4.  The Don Nicolas Project is fully permitted and project development can
    commence immediately. An EPCM consortium has been selected to build the
    mine and infrastructure. Gold production, estimated in excess of 50,000
    ounces per annum, is expected to commence in late 2014 
    
5.  CIMINAS is a company formed by a group of established Argentine private
    capital investors with a mission to invest in projects in Argentina with
    high medium- and long-term growth potential, and with a main focus on
    creating export revenue 



Mr. Courtney Chamberlain, Executive Chairman of Minera IRL, commented, "We are
delighted to have financing in place to develop the Don Nicolas Project. Our
resource base, experience and highly prospective land position, augers well for
a solid and enduring mining venture."


Dr. Diego Benavides, President of MIRL Patagonia, added, "We have developed
excellent relationships with representatives of CIMINAS who complement our
mining experience with their business experience in Argentina, long established
contacts and knowledge in terms of employment, industry and government
regulations. Together, we make a responsible and diverse team committed to
growth."


Mr. Fabio Rozenblum, President of CIMINAS, said, "This is an excellent
investment opportunity for a productive precious metals project that is fully
permitted and ready to develop. We are delighted to have a partnership with this
team formed by recognized professionals of the mining industry to manage the
creation of direct and indirect employment and services resulting in a benefit
for Argentina and the region. We believe the Don Nicolas Project is a solid
investment opportunity and is of a size and scope that provides us with an ideal
entrance into the mining industry."


The Transaction

CIMINAS has agreed to provide financing for up to a total of $80 million, to be
made up of a combination of equity and debt, for the development of the Don
Nicolas Gold Project in Santa Cruz Province, Argentina.

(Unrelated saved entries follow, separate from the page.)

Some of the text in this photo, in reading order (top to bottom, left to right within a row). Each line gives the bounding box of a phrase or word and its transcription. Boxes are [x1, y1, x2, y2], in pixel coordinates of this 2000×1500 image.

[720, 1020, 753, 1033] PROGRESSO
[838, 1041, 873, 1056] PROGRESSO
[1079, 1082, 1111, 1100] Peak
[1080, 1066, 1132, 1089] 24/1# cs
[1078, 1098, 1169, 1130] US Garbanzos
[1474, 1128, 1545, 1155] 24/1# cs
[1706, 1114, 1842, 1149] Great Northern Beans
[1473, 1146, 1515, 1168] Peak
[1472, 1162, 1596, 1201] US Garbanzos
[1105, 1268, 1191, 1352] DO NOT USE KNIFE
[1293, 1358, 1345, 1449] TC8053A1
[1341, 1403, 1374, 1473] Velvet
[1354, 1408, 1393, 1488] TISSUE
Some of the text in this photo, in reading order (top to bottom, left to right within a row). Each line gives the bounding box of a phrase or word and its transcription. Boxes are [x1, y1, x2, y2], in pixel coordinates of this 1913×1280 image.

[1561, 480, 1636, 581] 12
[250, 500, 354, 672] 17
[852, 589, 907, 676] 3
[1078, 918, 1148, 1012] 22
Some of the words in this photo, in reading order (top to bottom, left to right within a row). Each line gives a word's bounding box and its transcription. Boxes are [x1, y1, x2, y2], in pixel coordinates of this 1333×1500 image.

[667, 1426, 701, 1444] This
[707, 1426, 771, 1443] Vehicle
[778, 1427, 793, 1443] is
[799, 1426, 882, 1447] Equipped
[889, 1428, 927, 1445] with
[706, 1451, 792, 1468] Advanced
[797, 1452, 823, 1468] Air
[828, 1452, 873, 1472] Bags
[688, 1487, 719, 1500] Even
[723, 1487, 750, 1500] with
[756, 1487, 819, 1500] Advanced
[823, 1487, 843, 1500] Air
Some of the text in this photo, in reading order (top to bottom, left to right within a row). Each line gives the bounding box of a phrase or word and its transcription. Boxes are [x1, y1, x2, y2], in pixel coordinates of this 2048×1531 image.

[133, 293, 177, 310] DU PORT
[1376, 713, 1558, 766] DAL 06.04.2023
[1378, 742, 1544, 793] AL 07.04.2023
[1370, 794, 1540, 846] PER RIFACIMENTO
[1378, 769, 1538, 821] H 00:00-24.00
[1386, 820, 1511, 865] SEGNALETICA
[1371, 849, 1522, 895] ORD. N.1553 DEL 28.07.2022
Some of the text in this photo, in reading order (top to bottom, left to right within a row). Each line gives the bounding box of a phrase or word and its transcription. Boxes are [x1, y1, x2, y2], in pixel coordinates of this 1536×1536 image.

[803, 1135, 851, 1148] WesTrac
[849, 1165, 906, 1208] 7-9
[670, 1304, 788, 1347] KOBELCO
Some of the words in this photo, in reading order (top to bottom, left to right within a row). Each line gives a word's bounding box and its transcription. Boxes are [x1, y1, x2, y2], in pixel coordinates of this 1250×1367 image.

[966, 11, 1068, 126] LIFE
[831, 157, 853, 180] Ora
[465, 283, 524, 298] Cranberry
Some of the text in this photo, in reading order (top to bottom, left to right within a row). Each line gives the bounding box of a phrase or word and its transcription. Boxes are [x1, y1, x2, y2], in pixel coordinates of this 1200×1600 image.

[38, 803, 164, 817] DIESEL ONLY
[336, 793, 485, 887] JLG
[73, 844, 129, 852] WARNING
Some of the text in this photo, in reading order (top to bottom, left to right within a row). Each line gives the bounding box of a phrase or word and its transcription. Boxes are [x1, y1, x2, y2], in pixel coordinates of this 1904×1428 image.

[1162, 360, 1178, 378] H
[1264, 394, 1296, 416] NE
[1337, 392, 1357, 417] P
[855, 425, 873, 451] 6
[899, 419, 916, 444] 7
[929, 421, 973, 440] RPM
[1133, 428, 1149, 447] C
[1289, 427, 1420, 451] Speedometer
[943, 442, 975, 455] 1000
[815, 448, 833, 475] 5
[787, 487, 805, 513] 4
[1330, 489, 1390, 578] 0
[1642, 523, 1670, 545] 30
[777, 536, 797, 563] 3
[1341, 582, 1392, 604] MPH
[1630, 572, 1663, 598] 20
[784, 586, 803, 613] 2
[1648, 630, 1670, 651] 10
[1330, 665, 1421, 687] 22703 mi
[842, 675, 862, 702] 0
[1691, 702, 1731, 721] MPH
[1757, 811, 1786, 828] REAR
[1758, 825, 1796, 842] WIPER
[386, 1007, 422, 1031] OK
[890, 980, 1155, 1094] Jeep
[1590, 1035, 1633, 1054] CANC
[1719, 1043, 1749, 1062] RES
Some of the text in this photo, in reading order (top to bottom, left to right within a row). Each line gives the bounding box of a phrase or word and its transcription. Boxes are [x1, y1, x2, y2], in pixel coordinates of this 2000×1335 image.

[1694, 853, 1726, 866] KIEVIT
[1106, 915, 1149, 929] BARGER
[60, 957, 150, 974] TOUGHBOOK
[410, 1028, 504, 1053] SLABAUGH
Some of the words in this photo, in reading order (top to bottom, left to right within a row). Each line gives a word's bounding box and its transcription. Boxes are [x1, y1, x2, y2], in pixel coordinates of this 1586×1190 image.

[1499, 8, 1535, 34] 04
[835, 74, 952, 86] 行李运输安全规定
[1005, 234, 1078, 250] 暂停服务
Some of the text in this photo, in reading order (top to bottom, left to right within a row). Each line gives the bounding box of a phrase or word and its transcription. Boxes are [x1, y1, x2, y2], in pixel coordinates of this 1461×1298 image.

The equity funding package comprises a number of tranches of convertible
preferred and common shares in MIRL Patagonia totalling $42 million to earn an
equity position of 45%. The convertible preferred shares have preferential
dividend rights until they are redeemed or converted into common shares. 


In addition, CIMINAS has subscribed for 9,146,341 ordinary shares of Minera IRL
Limited (the "Shares") and as consideration CIMINAS has contributed $3 million
to MIRL Patagonia toward the development of Don Nicolas bringing the total
investment to $45 million. The Shares will be issued pursuant to a prospectus
supplement to the Company's base shelf prospectus dated July 12, 2012 and are
subject to regulatory approval including, without limitation the approval of the
Toronto Stock Exchange.


Application has been made for the 9,146,341 ordinary shares to be admitted to
trading on AIM ("Admission"). The new ordinary shares will rank pari passu with
the existing ordinary shares in the Company and following Admission, it is
expected that Minera IRL will have 182,824,225 ordinary shares in issue. This
figure may be used by shareholders as the denominator for the calculations by
which they will determine if they are required to notify their interest in, or a
change to their interest in, the Company under the FSA's Disclosure and
Transparency Rules.


An additional 4% equity interest in MIRL Patagonia has been provided to an
Argentine based company as compensation for arranging the $80 million combined
equity/debt financing for the development of the Don Nicolas Gold Project.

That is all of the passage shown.